To develop his entrepreneurial skills, Marte enrolled in EforAll, the business accelerator program, as part of their 2021 winter cohort. The experience helped clarify his vision — he wants to do larger projects but also to keep working with small businesses because of his family background.
Marte also does marketing for the Lowell Cultural Council, and works with Lowell’s Economic Development Office on its “Be Loyal 2 Local” initiative. And this summer, he taught an introduction to short-form video making at Refuge Lowell, a youth art education space in Western Avenue Studios.
Marte still finds time to pursue creative projects as a means of self-expression. In October 2020, he photographed ballerina Macy Woodard in downtown Lowell. These photos of Woodard, a dance, yoga and acrobatics instructor from Baldwinville, Mass., contrast the classical beauty of the model with the industrial grit of the Mill City.

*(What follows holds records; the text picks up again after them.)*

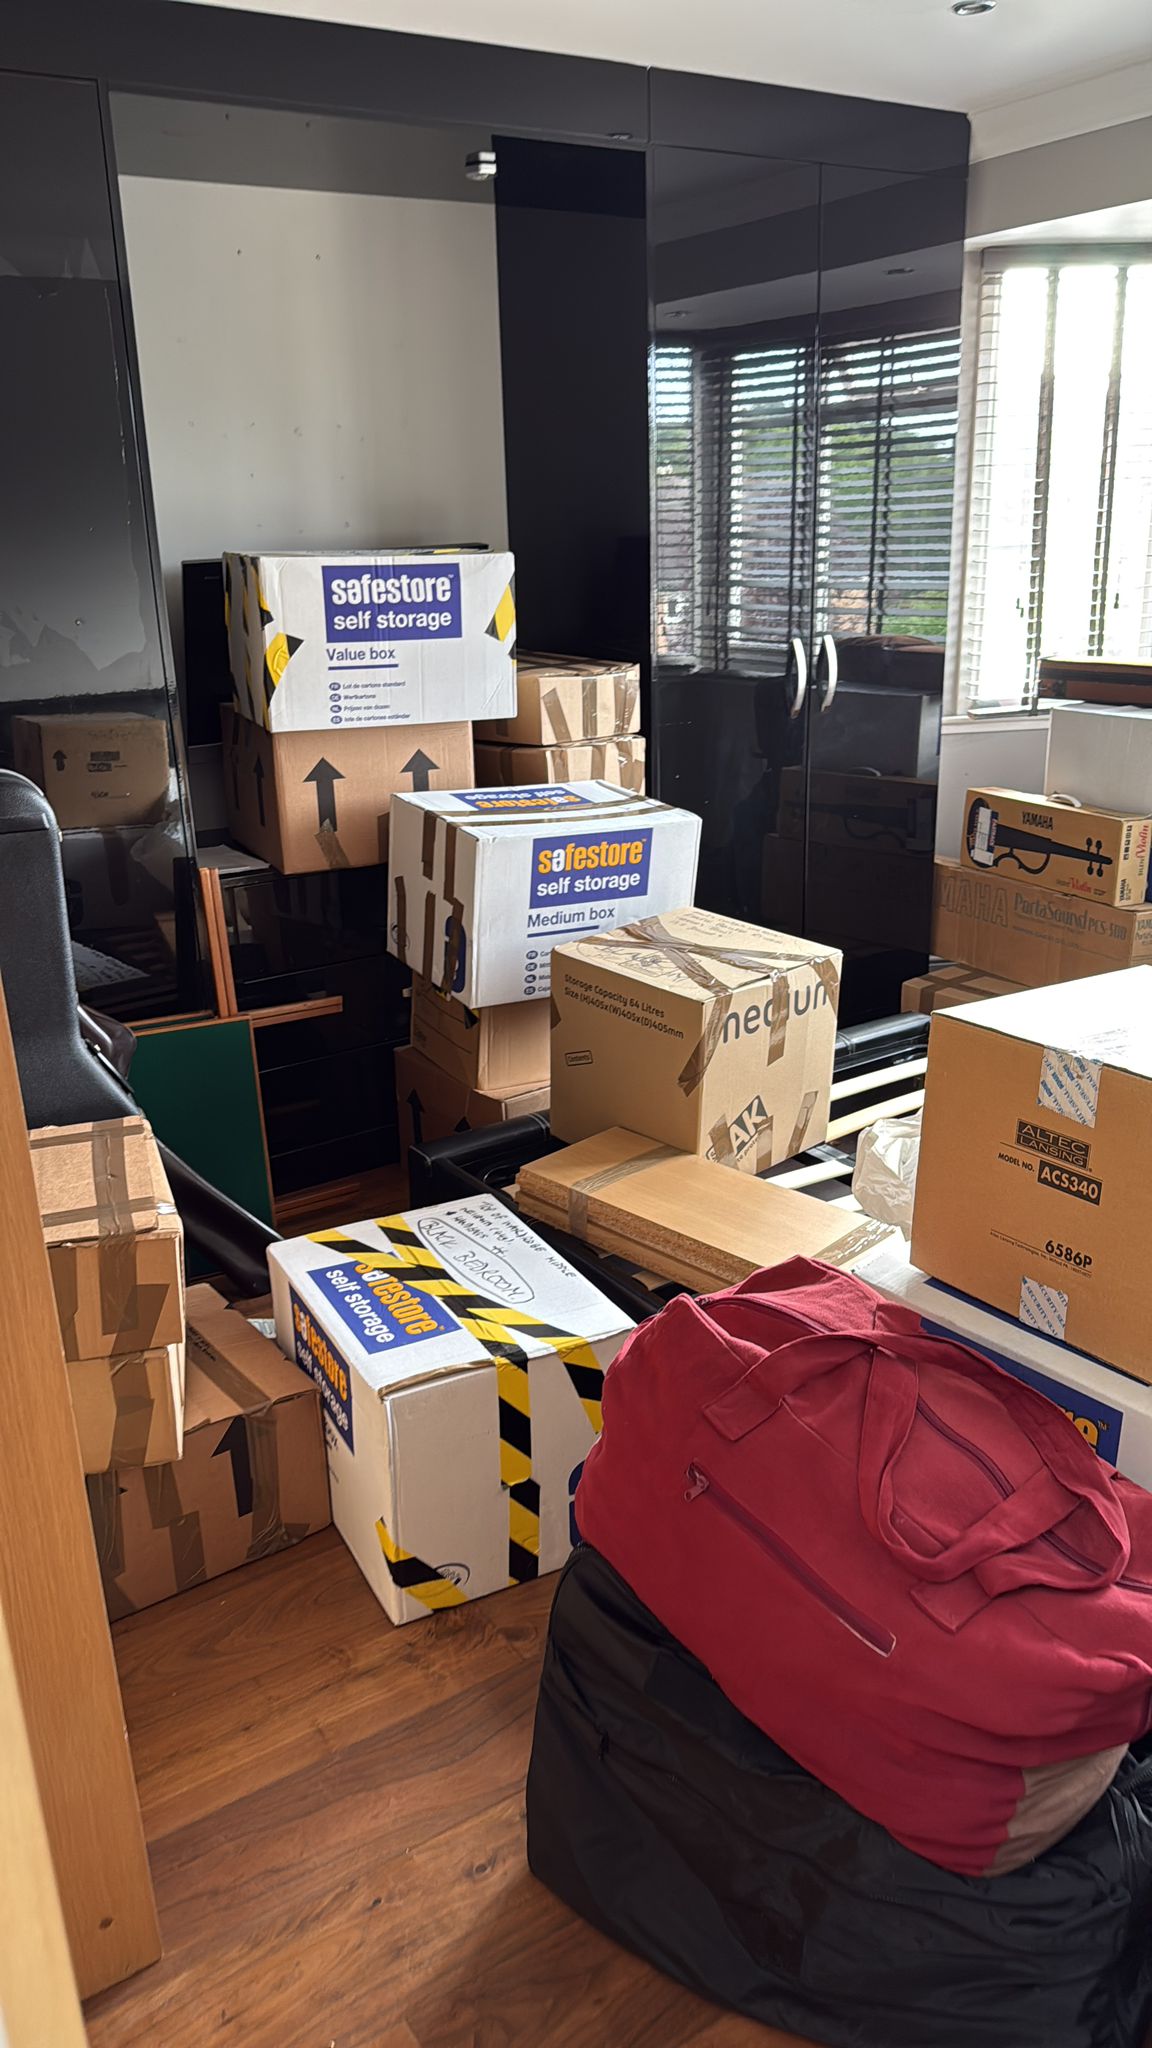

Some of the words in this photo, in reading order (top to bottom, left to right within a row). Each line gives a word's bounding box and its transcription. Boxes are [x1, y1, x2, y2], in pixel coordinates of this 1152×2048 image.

[331, 573, 452, 605] safestore
[333, 611, 371, 630] self
[376, 610, 451, 631] storage
[326, 648, 365, 661] Value
[370, 647, 396, 660] box
[1022, 811, 1054, 831] YAMAHA
[1136, 825, 1150, 859] Violin
[538, 841, 643, 874] safestore
[537, 877, 571, 896] self
[574, 873, 640, 891] storage
[1119, 878, 1127, 902] YAMAHA
[527, 911, 585, 928] Medium
[590, 907, 616, 920] box
[564, 987, 579, 1000] Size
[564, 974, 593, 992] Storage
[594, 985, 628, 1007] Capacity
[629, 998, 640, 1009] 64
[641, 1002, 665, 1018] Litres
[729, 1097, 769, 1155] AK
[1021, 1124, 1086, 1154] ALTEC
[998, 1152, 1021, 1167] MODEL
[1022, 1162, 1035, 1172] NO.
[1020, 1136, 1084, 1166] LANSING
[1040, 1166, 1098, 1199] ACS340
[422, 1220, 458, 1249] BLACK
[1045, 1240, 1093, 1268] 6586P
[326, 1268, 357, 1293] self
[343, 1293, 395, 1344] storage
[1026, 1286, 1048, 1320] SECURITY
[293, 1303, 348, 1402] safestore
[296, 1341, 313, 1373] self
[313, 1366, 349, 1432] storage
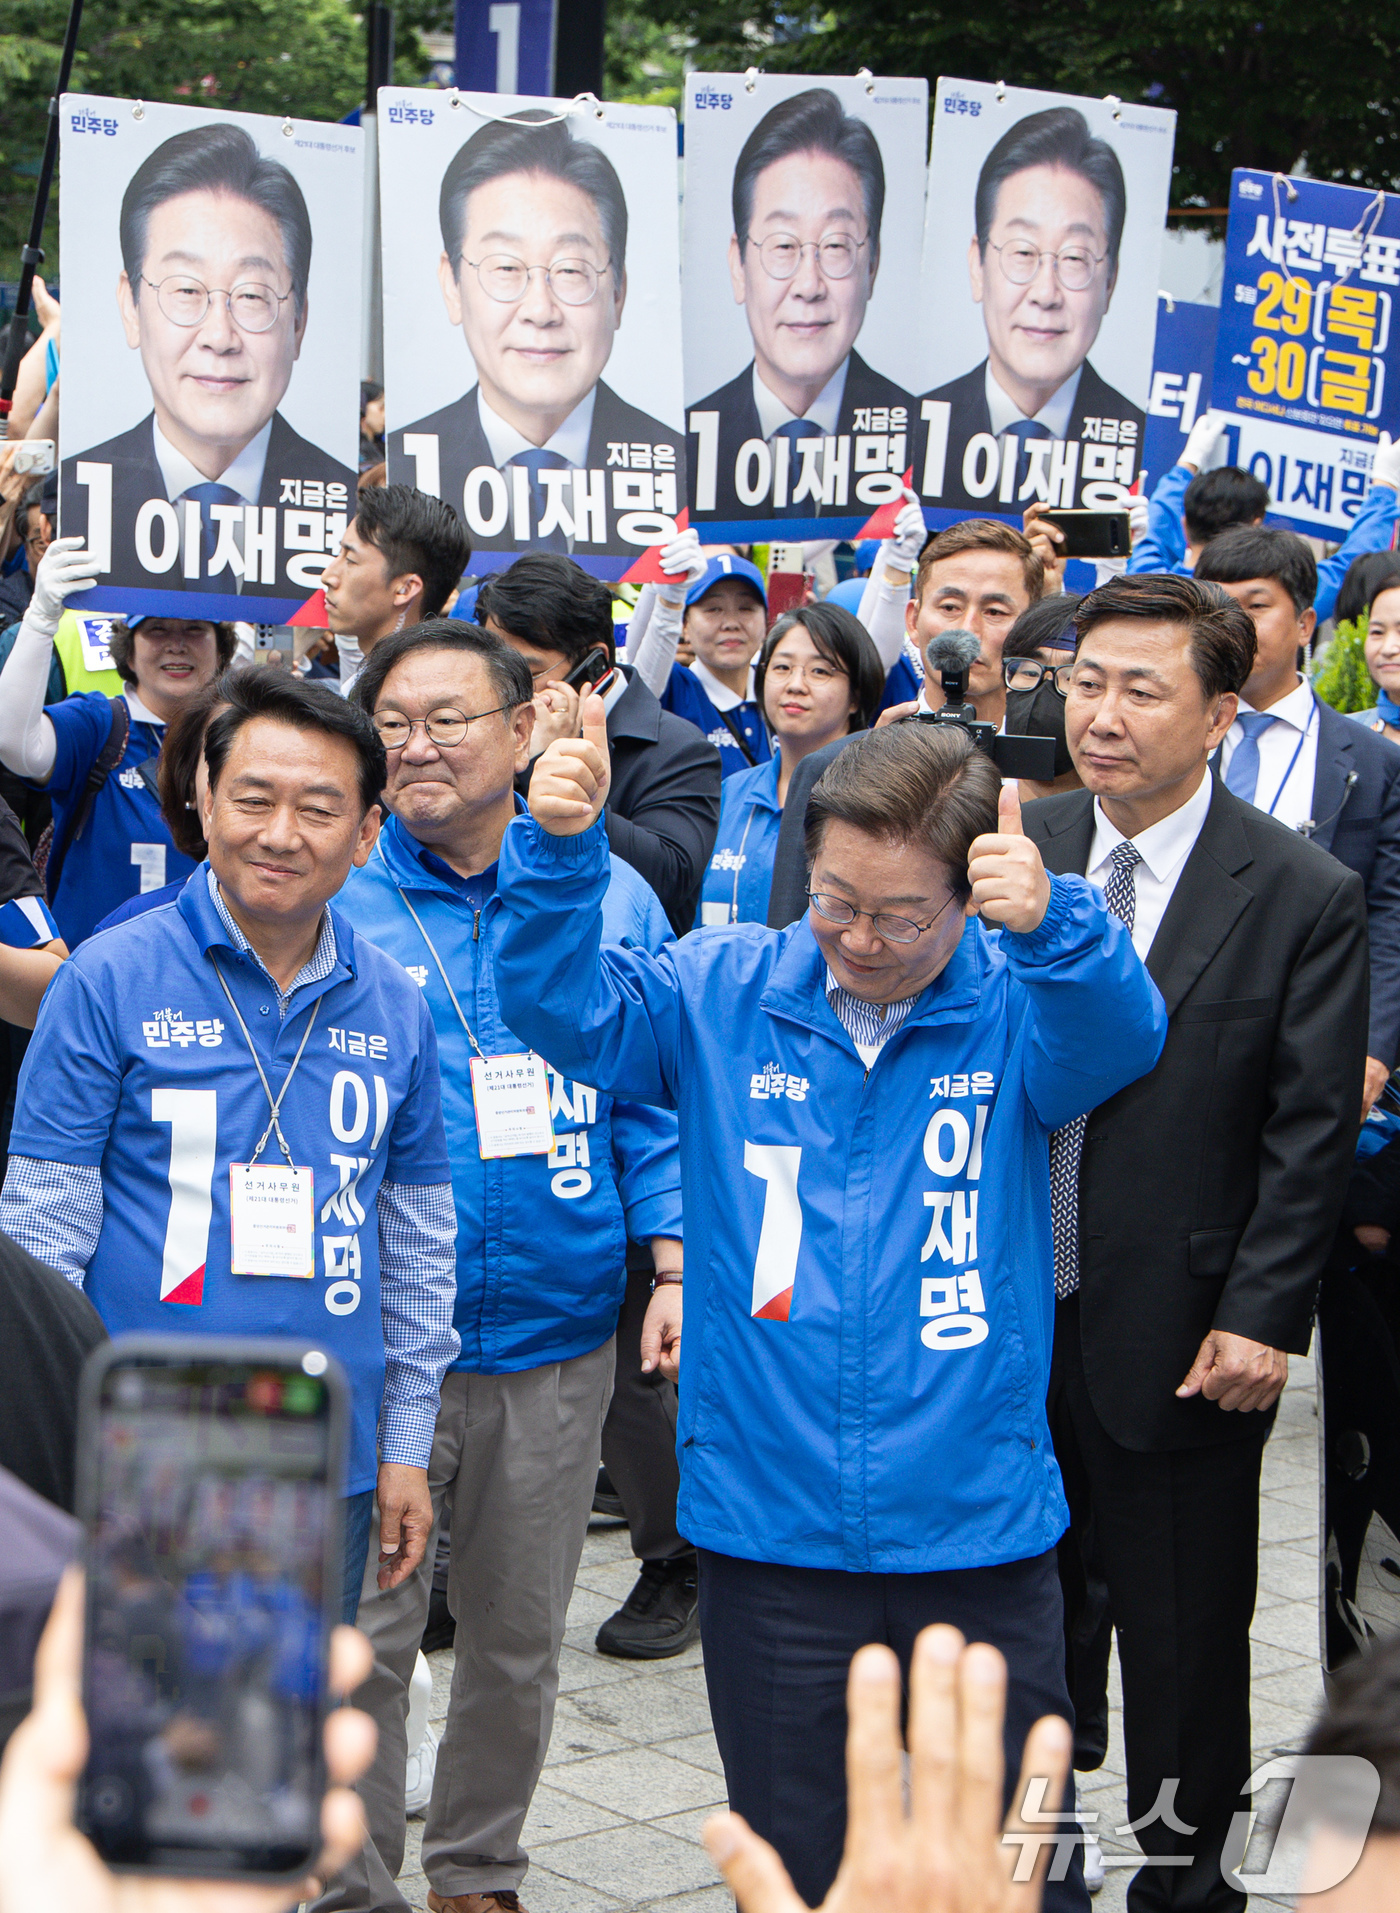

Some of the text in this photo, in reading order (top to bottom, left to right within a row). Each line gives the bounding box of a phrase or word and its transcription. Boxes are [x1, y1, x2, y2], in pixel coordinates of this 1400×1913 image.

The images took on additional layers of meaning as they were shot at a time in the COVID-19 outbreak when many live venues were shuttered.
And he still likes to push his creative boundaries through travel. At the time of this writing, Marte was planning a late-August journey to Iceland for an eight-day photo safari. He hopes to shoot active volcanoes.
On top of his commercial, marketing, teaching and personal work, Marte sells prints at local markets such as the monthly Western Avenue Open Studios and the outdoor events sponsored by Merrimack Valley Black & Brown Voices.
If all this sounds like a lot, Marte blames his father for his strong work ethic. But beyond the discipline required to handle such an intense schedule is a seemingly irresistible need to make his mark on the culture of our region. “It’s just a desire … to create things that are impactful — things people remember,” Marte says.